→ Provided material
__________________________________________________
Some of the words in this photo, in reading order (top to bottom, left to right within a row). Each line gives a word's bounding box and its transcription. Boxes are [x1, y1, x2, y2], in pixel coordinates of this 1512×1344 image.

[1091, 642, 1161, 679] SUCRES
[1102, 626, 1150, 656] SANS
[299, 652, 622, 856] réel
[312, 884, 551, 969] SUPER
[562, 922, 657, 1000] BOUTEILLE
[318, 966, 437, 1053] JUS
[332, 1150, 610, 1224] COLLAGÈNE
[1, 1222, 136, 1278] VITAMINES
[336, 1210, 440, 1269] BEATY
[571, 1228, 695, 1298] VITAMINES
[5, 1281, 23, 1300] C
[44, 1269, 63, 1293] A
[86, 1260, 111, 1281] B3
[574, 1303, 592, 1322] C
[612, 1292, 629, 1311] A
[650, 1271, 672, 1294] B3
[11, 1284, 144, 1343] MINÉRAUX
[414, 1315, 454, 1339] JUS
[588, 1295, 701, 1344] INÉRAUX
__________________________________________________
→ Task statement
Would you return the whole listing exactly as written?

→ Exercise result
Some of the words in this photo, in reading order (top to bottom, left to right within a row). Each line gives a word's bounding box and its transcription. Boxes are [x1, y1, x2, y2], in pixel coordinates of this 1512×1344 image.

[1091, 642, 1161, 679] SUCRES
[1102, 626, 1150, 656] SANS
[299, 652, 622, 856] réel
[312, 884, 551, 969] SUPER
[562, 922, 657, 1000] BOUTEILLE
[318, 966, 437, 1053] JUS
[332, 1150, 610, 1224] COLLAGÈNE
[1, 1222, 136, 1278] VITAMINES
[336, 1210, 440, 1269] BEATY
[571, 1228, 695, 1298] VITAMINES
[5, 1281, 23, 1300] C
[44, 1269, 63, 1293] A
[86, 1260, 111, 1281] B3
[574, 1303, 592, 1322] C
[612, 1292, 629, 1311] A
[650, 1271, 672, 1294] B3
[11, 1284, 144, 1343] MINÉRAUX
[414, 1315, 454, 1339] JUS
[588, 1295, 701, 1344] INÉRAUX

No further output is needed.